## TASK TO COMPLETE
Print the entire listing below word for word, excluding its pictures.

## RECORDS FOR THE EXERCISE
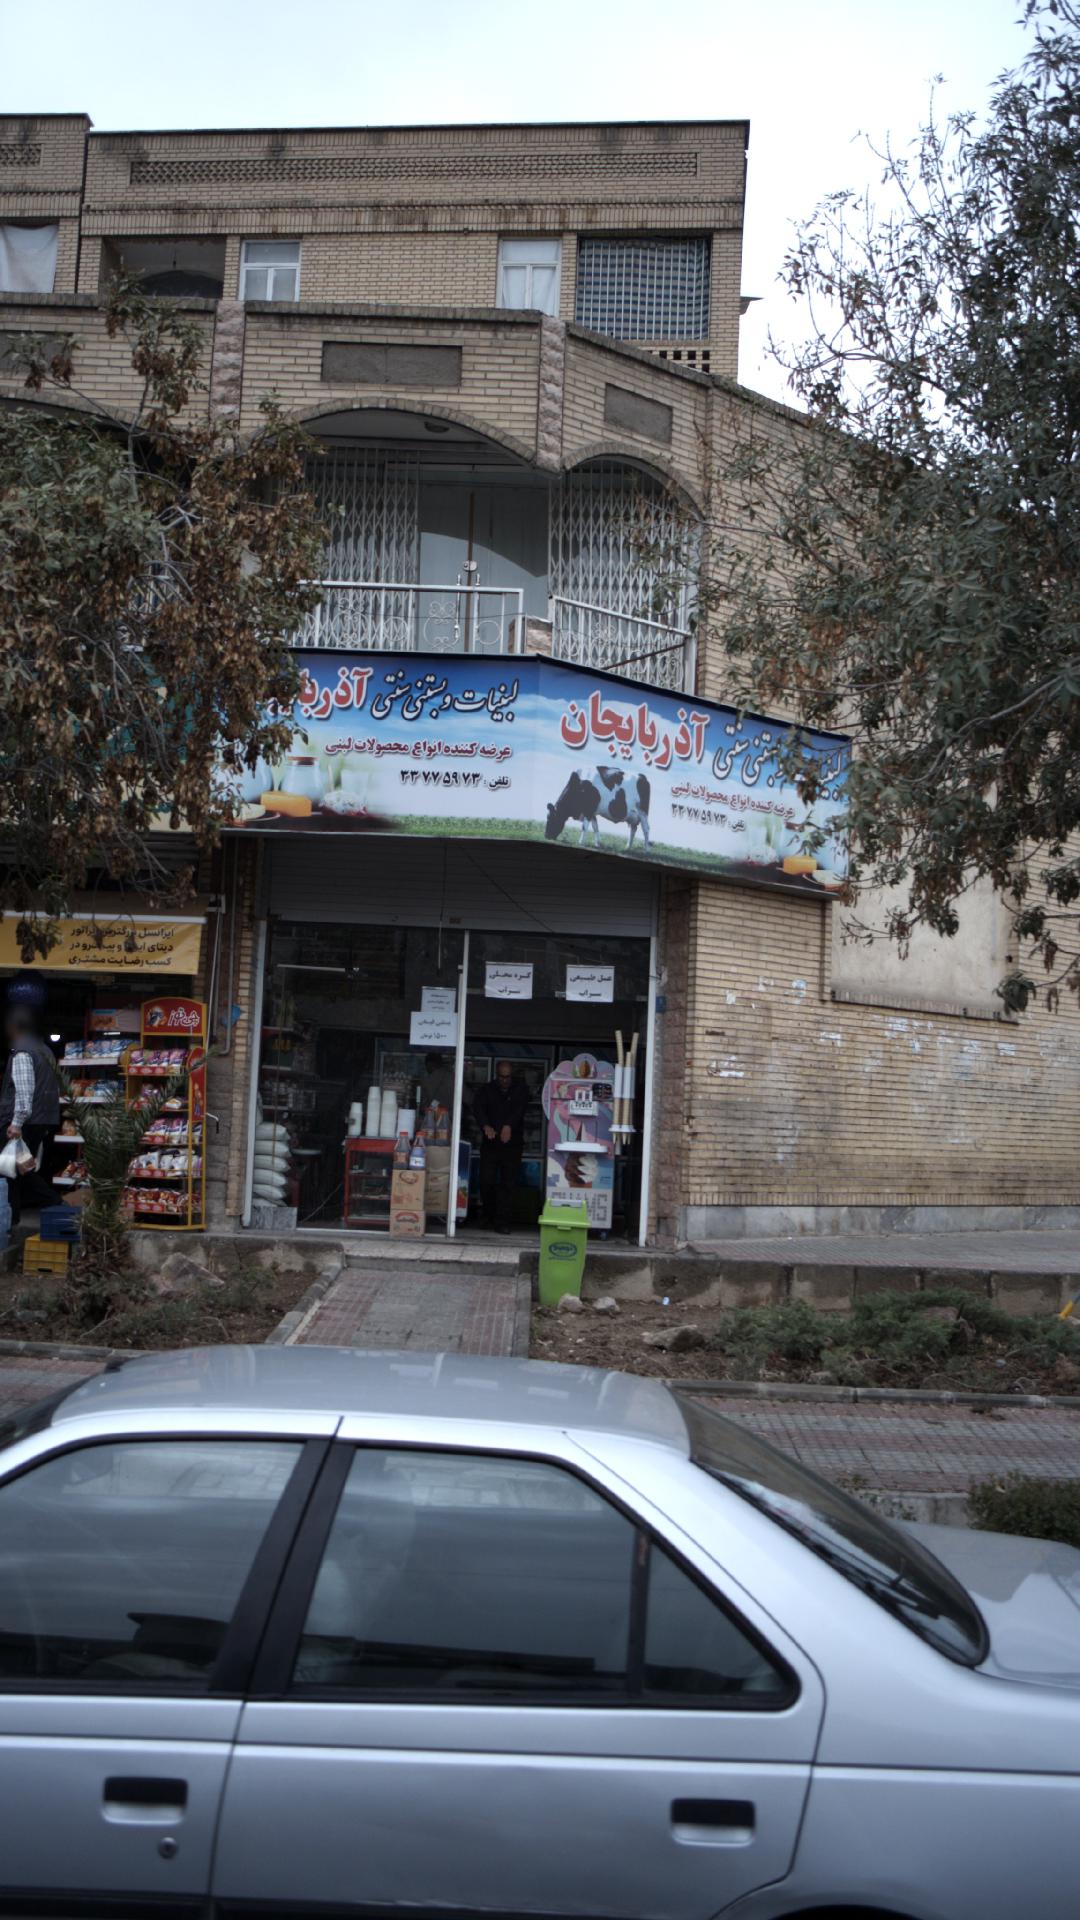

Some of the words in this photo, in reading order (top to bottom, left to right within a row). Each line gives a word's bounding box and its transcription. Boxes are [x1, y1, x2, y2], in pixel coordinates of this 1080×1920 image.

[267, 666, 373, 718] آذربا
[371, 669, 411, 720] سنتی
[402, 674, 448, 721] بستنی
[453, 679, 519, 722] لبنیات
[440, 693, 451, 711] و
[560, 690, 710, 768] آذربایجان
[325, 737, 352, 755] لبنی
[354, 738, 409, 758] محصولات
[412, 740, 442, 759] انواع
[444, 742, 478, 757] کننده
[480, 746, 511, 762] عرضه
[712, 722, 750, 780] سنتی
[671, 782, 690, 797] لبنی
[690, 784, 729, 804] محصولات
[729, 793, 751, 810] انواع
[750, 800, 773, 814] کننده
[773, 802, 795, 818] عرضه
[138, 928, 174, 938] ایرانسل
[70, 942, 80, 951] در
[147, 943, 173, 954] دیتای
[68, 954, 105, 965] مشتری
[107, 955, 144, 967] رضایت
[146, 956, 172, 965] کسب

## OUTPUT OF THE EXERCISE
Some of the words in this photo, in reading order (top to bottom, left to right within a row). Each line gives a word's bounding box and its transcription. Boxes are [x1, y1, x2, y2], in pixel coordinates of this 1080×1920 image.

[267, 666, 373, 718] آذربا
[371, 669, 411, 720] سنتی
[402, 674, 448, 721] بستنی
[453, 679, 519, 722] لبنیات
[440, 693, 451, 711] و
[560, 690, 710, 768] آذربایجان
[325, 737, 352, 755] لبنی
[354, 738, 409, 758] محصولات
[412, 740, 442, 759] انواع
[444, 742, 478, 757] کننده
[480, 746, 511, 762] عرضه
[712, 722, 750, 780] سنتی
[671, 782, 690, 797] لبنی
[690, 784, 729, 804] محصولات
[729, 793, 751, 810] انواع
[750, 800, 773, 814] کننده
[773, 802, 795, 818] عرضه
[138, 928, 174, 938] ایرانسل
[70, 942, 80, 951] در
[147, 943, 173, 954] دیتای
[68, 954, 105, 965] مشتری
[107, 955, 144, 967] رضایت
[146, 956, 172, 965] کسب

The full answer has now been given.